Likewise, the audiobooks for the Abhorsen series are read by Tim Curry and it’s just as good as you’d imagine.

#27

I read all of Mieville’s novels last year and I don’t remember reacting negatively to that twist, but that may be because that the last act of the book is so exhausting and nasty. I’ll have to read it again with a more critical eye.

I think Mieville’s Bas-Lag trilogy are pretty fantastic as weird fantasy so I’ll second that recommendation. Mieville himself is a marxist and it comes through in the third book in the series, Iron Council quite strongly. You don’t have to read them in chronological order but a lack of familiarity with the world-building done in Perdido Street Station isn’t really accommodated by the subsequent entries. When a Handlinger shows up, you won’t know how fucked up that is unless you’ve read 900 pages of Perdido.

My girlfriend loves the Abarat series by Clive Barker and I definitely need to read them because I love me some Barker short stories, so maybe that’s a rec as well.

2 Likes
#28

There’s a particularly satisfying pay off in Iron Council if you read Perdido Street Station.

1 Like
#29

If you are looking for something shorter, might I recommend JY Yang’s novellas published by Tor.com? You can find a nice overview of the first two books, and the premise of the series/world, here: https://www.tor.com/2017/09/26/enter-the-vast-and-beautiful-world-of-jy-yangs-tensorate-series/

1 Like
#30

Thank you! I’ll check out the link!

#31

Oooh, I also wanna take a moment to mention my favorite “classic” fantasy author, Lord Dunsany. His book, The King of Elfland’s Daughter, and short stories served as major inspiration for Tolkien and, in general, are just beautiful and dreamily written. Most all of his stuff can be found on Project Gutenberg if you don’t mind digital reading: http://www.gutenberg.org/ebooks/author/2685

#32

Justina Robson Glorious Angels - mix of fantasy/sci-fi/horror, similar to Meville as being classed as a New Weird author. The very basic premise is a matriarchy empire ruled by 8 empresses, each in a city state. One is at war with another race who are very different from humans to recover some old piece of technology. A handful of characters from that city including a women who is the head of engineering and her two teenage daughters all get involved this war and politics of the empire.

To paraphrase one review its a book that after you finish you realise the author is way smarter than you and there is a whole lot you missed the first time reading it. Similar to Gene Wolfe’s books of the New Sun in that manner.

Another new weird author is Steph Swainson whose Castle series is set in world where an emperor rules a land with the aid of the circle, which are a group of people he grants immortality to if they excel at a skill he deems useful in an ongoing war against a race of insects, they only remain immortal as long as they are the best at that particular skill and can be challenged by mortals for their place.

The main character due to his parentage is the only person in the world who can fly which got him the position of Messenger in the circle.
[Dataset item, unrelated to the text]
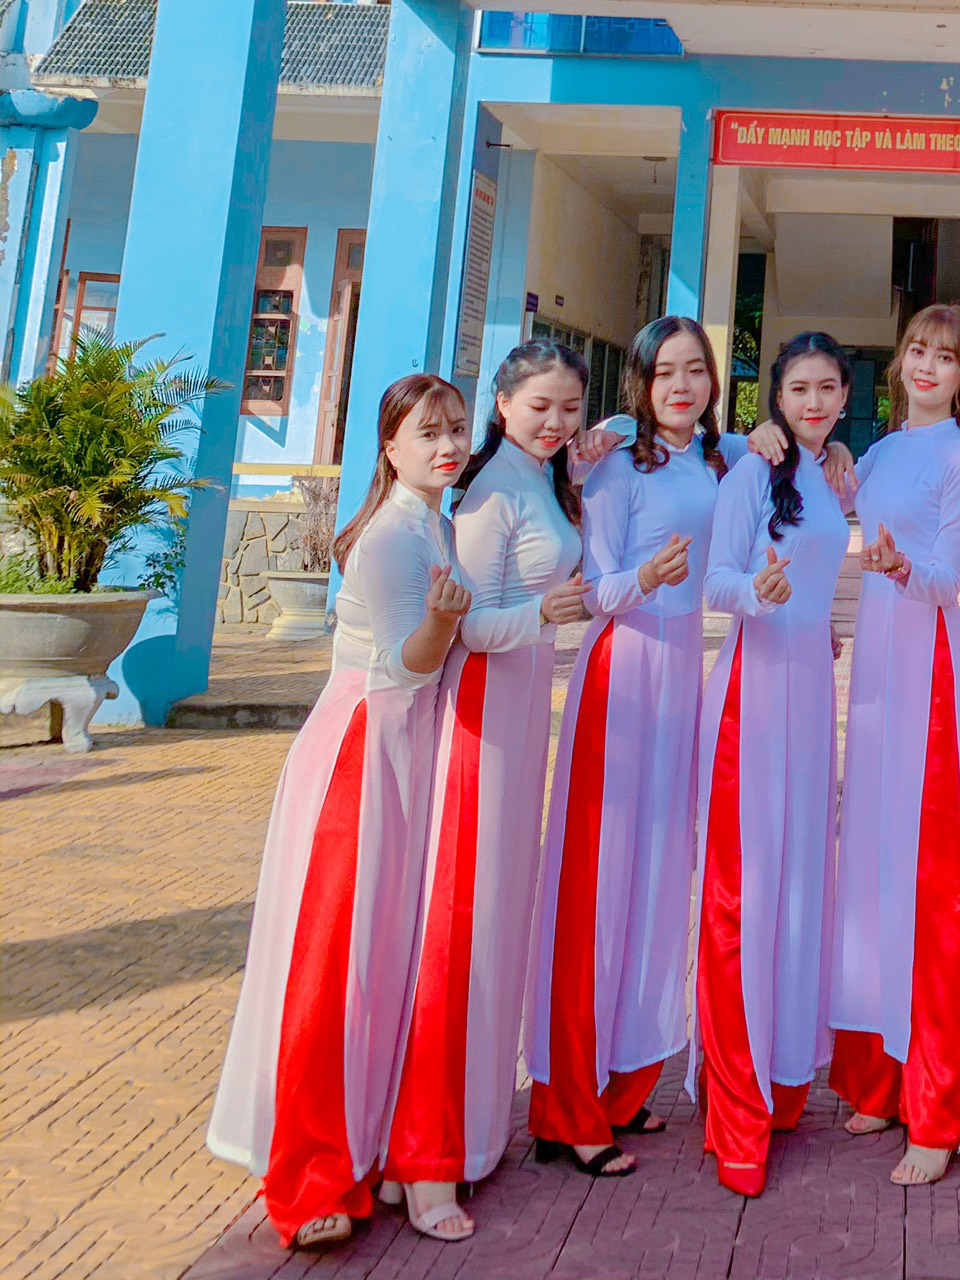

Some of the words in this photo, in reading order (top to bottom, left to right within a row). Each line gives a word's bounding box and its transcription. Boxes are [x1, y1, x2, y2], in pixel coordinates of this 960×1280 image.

He also is addicted to a drug that allows him to visit a parallel reality. A mix of war against the insects, internal struggles in the empire involving mortals and immortals and the messengers quest to figure out the history of the empire and it’s emperor is a broad overview view of what goes in the series.

The series also has really good titles - ‘the year of our war’ and ‘No present like time’ which I really like as a phrase and a title of a book where a member of the circle loses their spot and immortality.

Kai Ashante novellas - Sorcerer of the Wildeeps and a taste of honey. Beautiful written, short works of fantasy focusing on the romantic relationships between gay black men in an advanced technology inseparable from magic kind of world.